> _Aim of the exercise_: Each record should be given again exactly as it appears, with no image included.

++++

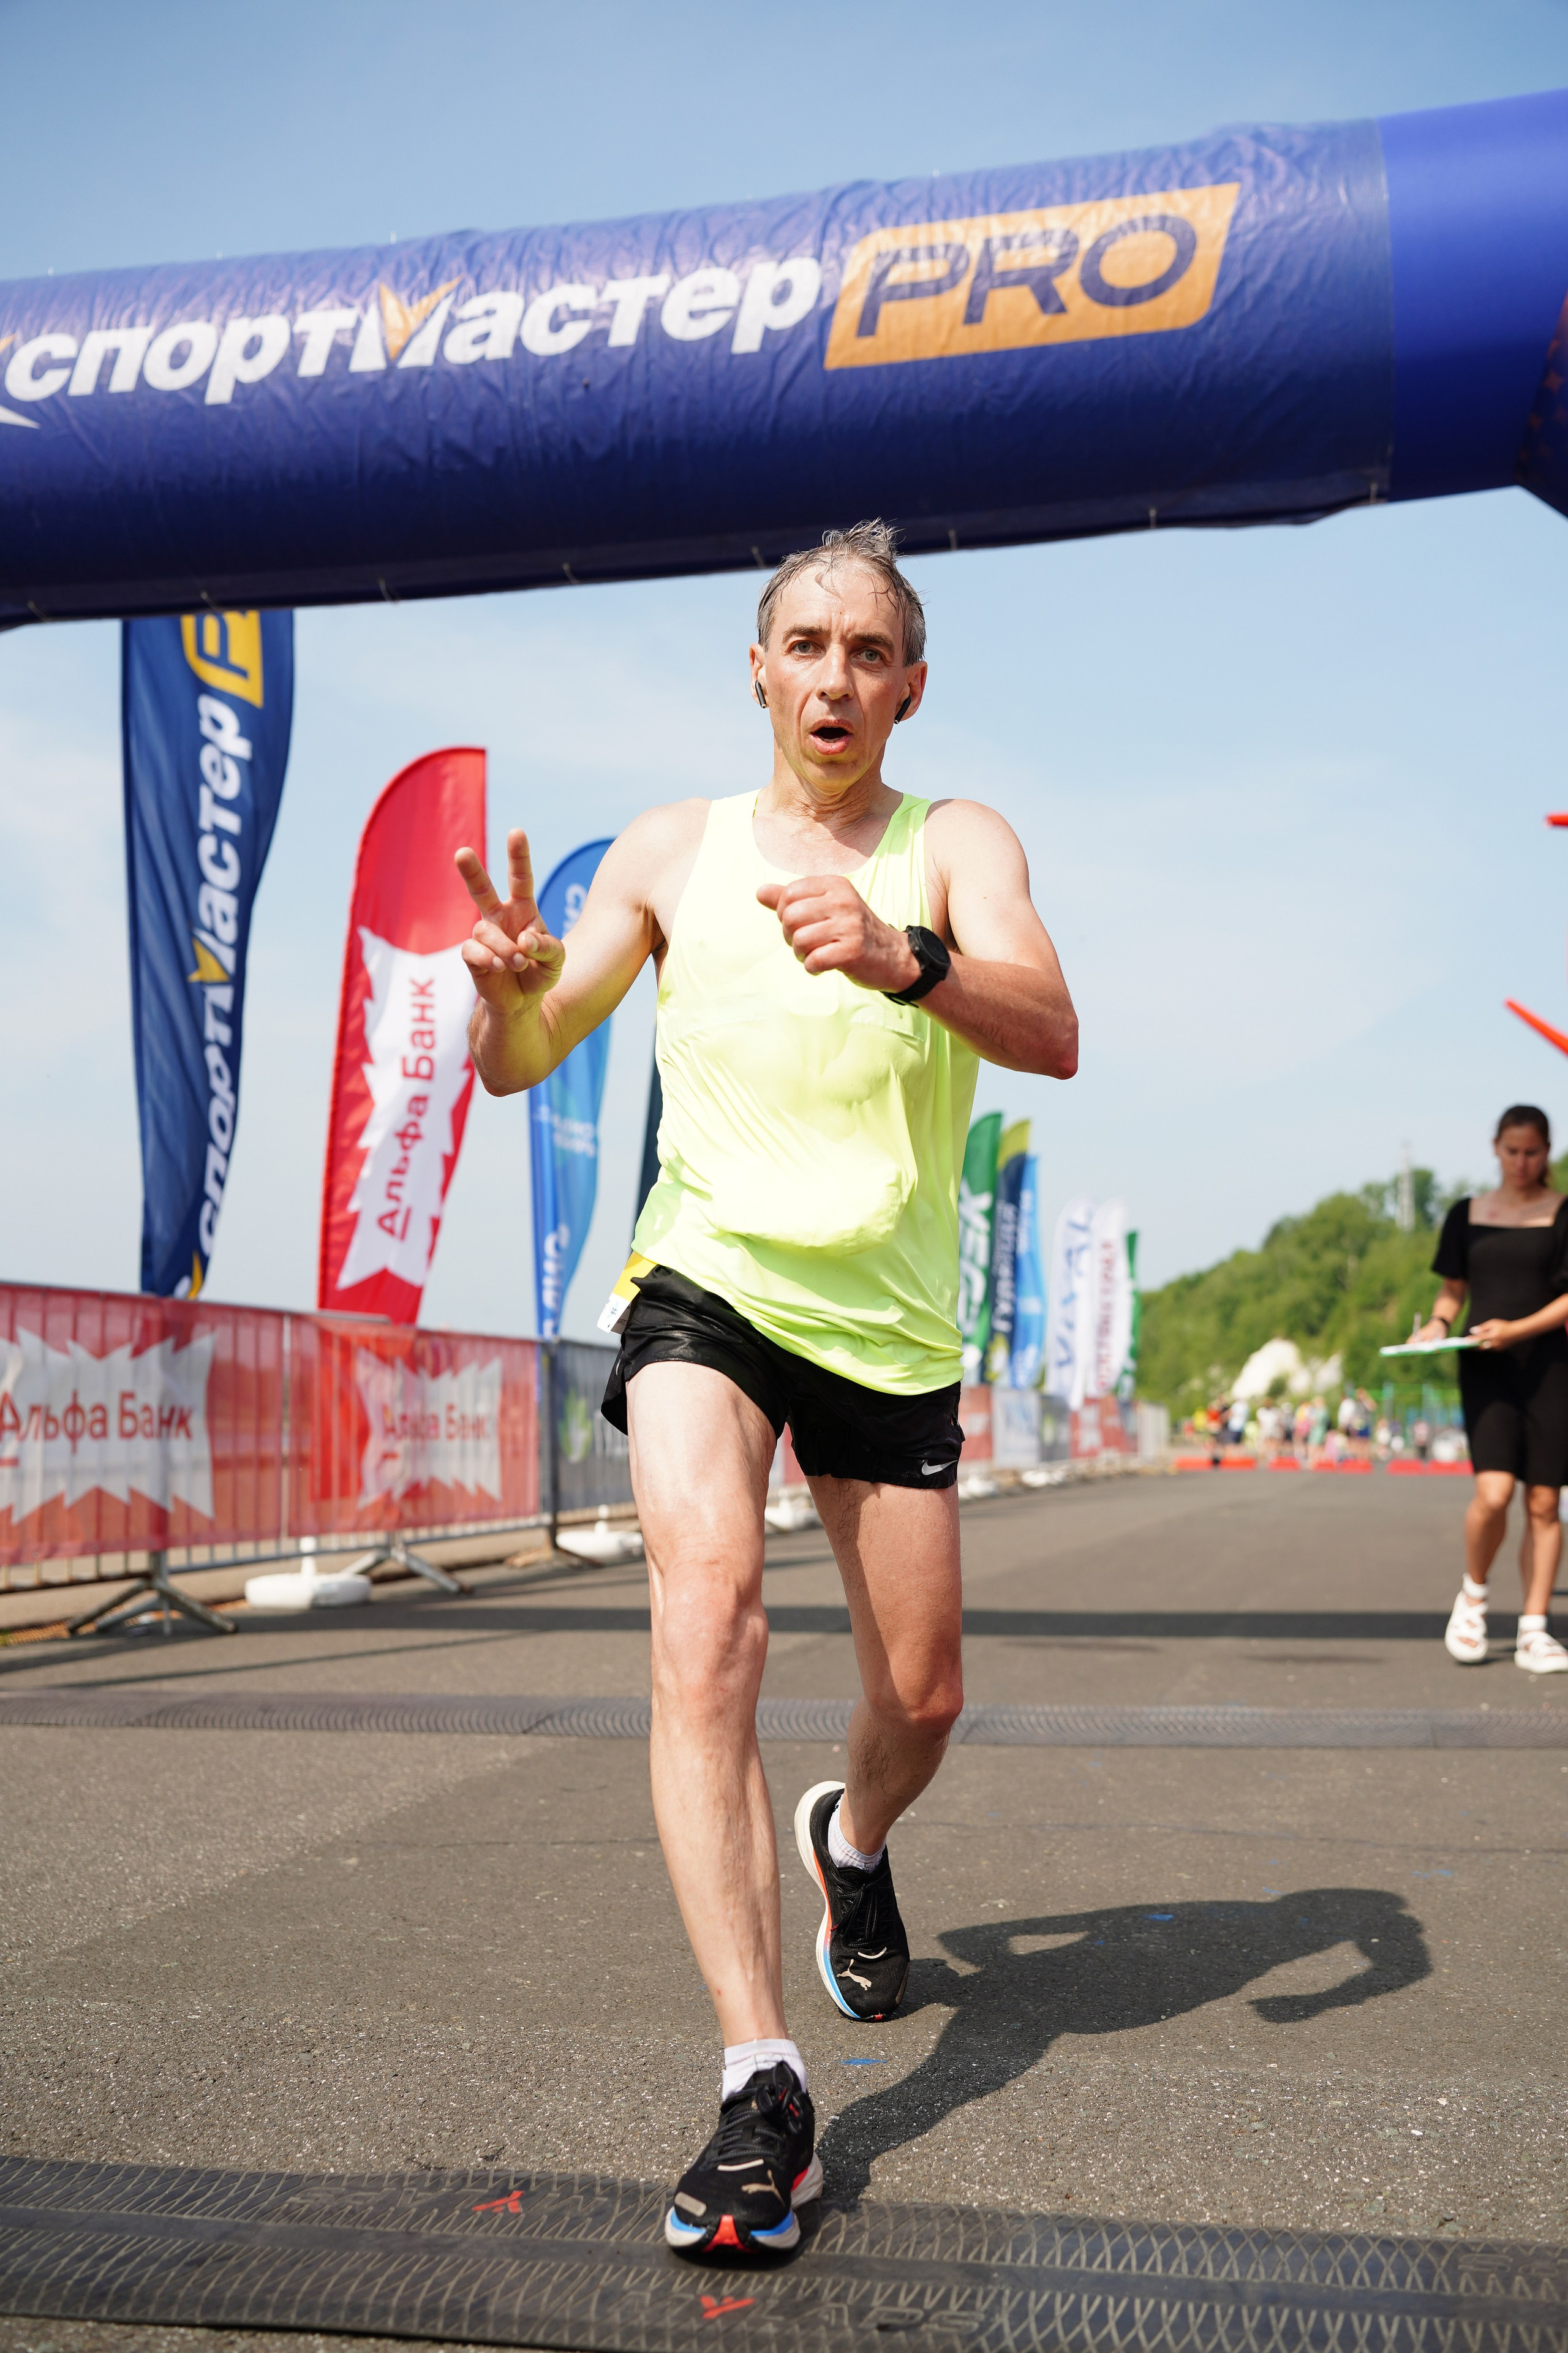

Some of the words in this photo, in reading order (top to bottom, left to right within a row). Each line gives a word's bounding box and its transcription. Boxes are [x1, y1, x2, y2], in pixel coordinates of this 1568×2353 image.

[855, 214, 1197, 339] PRO
[401, 976, 435, 1081] Банк
[376, 1094, 428, 1242] Альфа
[0, 1389, 108, 1457] Альфа
[118, 1389, 194, 1441] Банк

++++

> _Answer for this exercise_:
Some of the words in this photo, in reading order (top to bottom, left to right within a row). Each line gives a word's bounding box and its transcription. Boxes are [x1, y1, x2, y2], in pixel coordinates of this 1568×2353 image.

[855, 214, 1197, 339] PRO
[401, 976, 435, 1081] Банк
[376, 1094, 428, 1242] Альфа
[0, 1389, 108, 1457] Альфа
[118, 1389, 194, 1441] Банк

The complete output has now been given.